The president said he not anticipate that the Daesh-inspired Maute gang would have “so much ordnance and that the fight took us about four months to finish.”
“All of these faults, if it is indeed one, or our faults, it belongs and it falls on my shoulders as commander-in-chief,” the President said.
Mautes linked to shabu trade
The Philippine Daily Inquirer quoted the chief executive as saying that said the Marawi rebellion was funded by shabu, pointing out that the siege took place when police was serving the warrant of arrest of Maute members in a case related to illegal drugs.
Combo image of (from left) brothers Omarkhayam and Abdullah Maute and Abu Sayyaf senior leader Isnilon Hapilon. Their death, while holding hostages, ended the Marawi seige. Philippine President Duterte said the Marawi rebellion was funded by trade in meth (also locally known as 'shabu'), pointing out that the siege took place when police was serving the warrant of arrest of Maute members in a case related to illegal drugs. Philippine Army/File
Aside from the assistance from the government, international help was mobilised in the rehabilitation efforts and among the countries that responded were the United States, Australia, Japan and China.
Residents return to 72 villages out of 96 villages
According to Myles Rivera, head of the Task Force Bangon Marawi Secretariat, out of the 96 villages that comprise Marawi City, the majority of the residents from 72 villages have already returned.
The ruins of Marawi City in southern Philippines as seen on Wednesday, May 23, 2018. Exactly a year ago, Filipino militants, helped by foreign fighters, laid siege to the city and declared it a territory of the Daesh caliphate. It was the most serious challenge to President Rodrigo Duterte, and reinforced Asia's fears that the Daesh group is gaining a foothold in the region. AP
Those coming from the remaining 24 villages from the totally damaged areas have yet to return to their homes since most of it the strucured had been destroyed.
More than 240,000 residents had been displaced by the fighting and were housed in temporary shelters in safe areas of Marawi City as well as in Iligan City.
“I would say for those people who are not directly affected by the bombing, destroyed properties, most them have returned to their normal lives,” she added.
File photo: Debris fly as Philippine Air Force fighter jets bomb suspected locations of Daesh-inspired militants in Marawi city. The military campaign to dislodge the extremists caused extensive damage to large areas of the cities as the militants used houses as well as places of worship such as mosques and churches, as hiding places.

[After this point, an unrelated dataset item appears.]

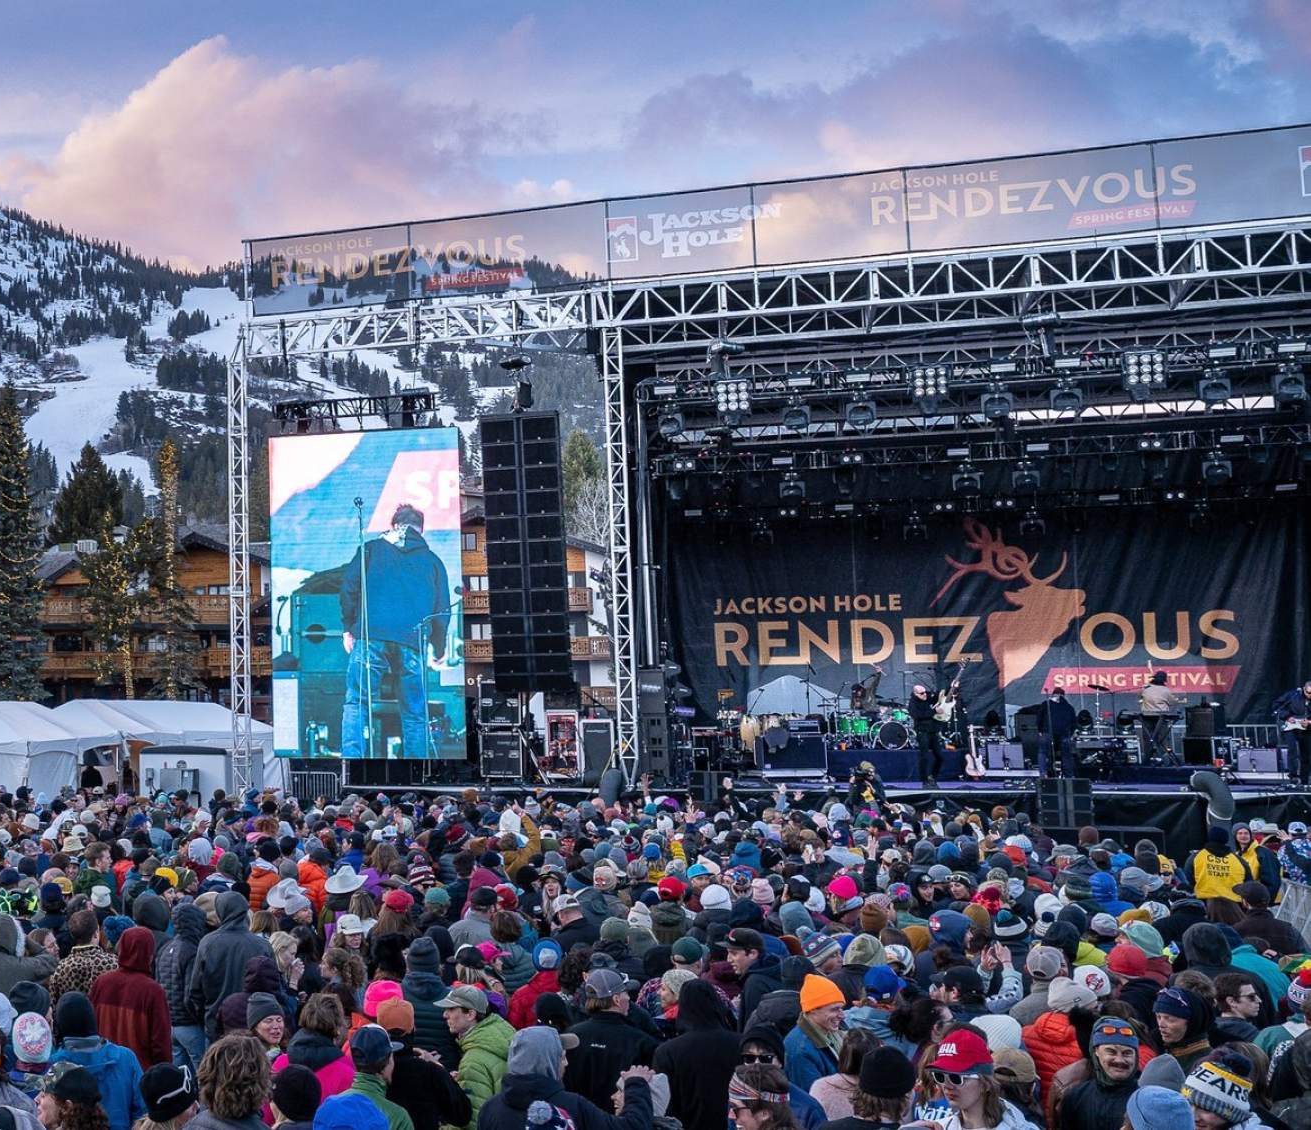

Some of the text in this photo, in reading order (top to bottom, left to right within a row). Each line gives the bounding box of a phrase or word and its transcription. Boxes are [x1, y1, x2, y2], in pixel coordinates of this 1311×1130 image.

The militants also booby trapped houses and government installations they had captured. File
The military campaign by the Armed Forces of the Philippines to dislodge the extremists caused extensive damage to large areas of the city.

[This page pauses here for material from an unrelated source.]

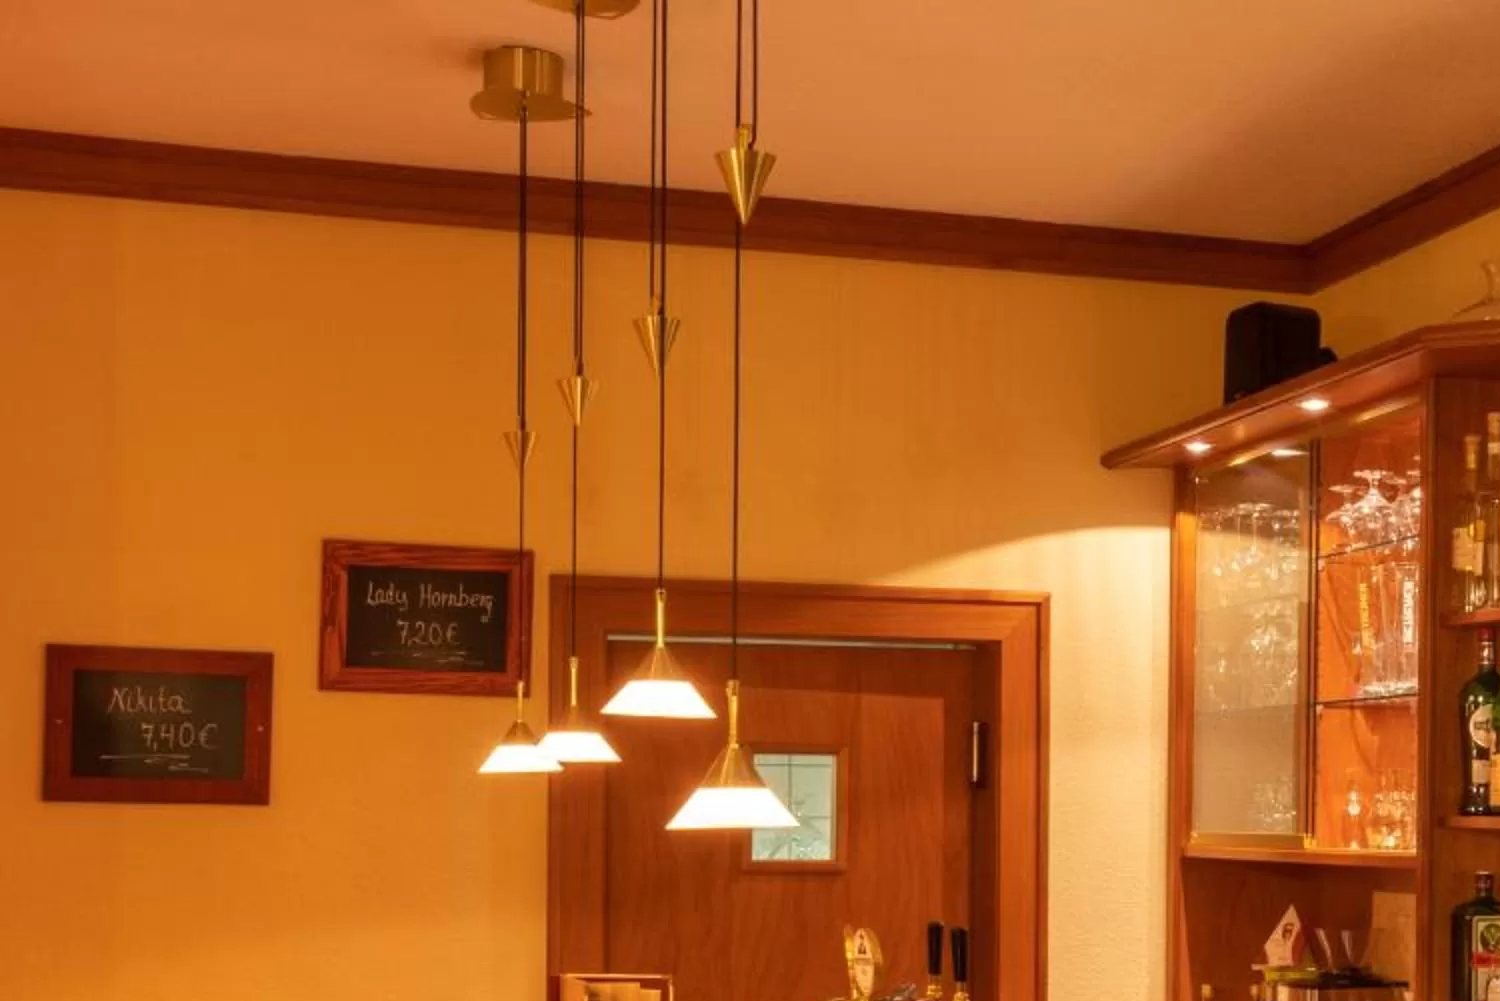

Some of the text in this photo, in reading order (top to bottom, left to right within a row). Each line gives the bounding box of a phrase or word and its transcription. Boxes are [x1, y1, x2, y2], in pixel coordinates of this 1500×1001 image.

[367, 580, 494, 624] Lady Hornberg
[396, 618, 461, 648] 7,20€
[106, 685, 193, 715] Nikita
[141, 721, 219, 751] 7,40€

85% of battle area cleared
Marine Col. Edgard Arevalo, Armed Forces of the Philippines (AFP) spokesperson said that as of Tuesday, ordnance disposal teams from the Philippine Army, Navy, and Air Force had cleared 85 per cent of the battle area in Marawi City of unexploded bombs and improvised explosive devices left by the militants.
Before and after: Images of the last two of Marawi rebellion leaders Isnilon Hapilon (above) and Omarkhayam Maute (below) published by the military after the Daesh-inspired militants were killed in October last year. File
According to Arevalo, the removal of unexploded bombs was critical because rehabilitation works cannot commence until it was certain that all explosives in the battle area had been disposed.
The fighting in Marawi City killed more than 1,000 members of the Maute and Abu Sayyaf together with their foreign supporters while more than 200 government soldiers were killed along with more than 40 civilians.
The campaign was the first time since the Second World War that the Philippines had witnessed such intense clashes, as heavy street fighting, and aerial and artillery bombardment characterised the campaign.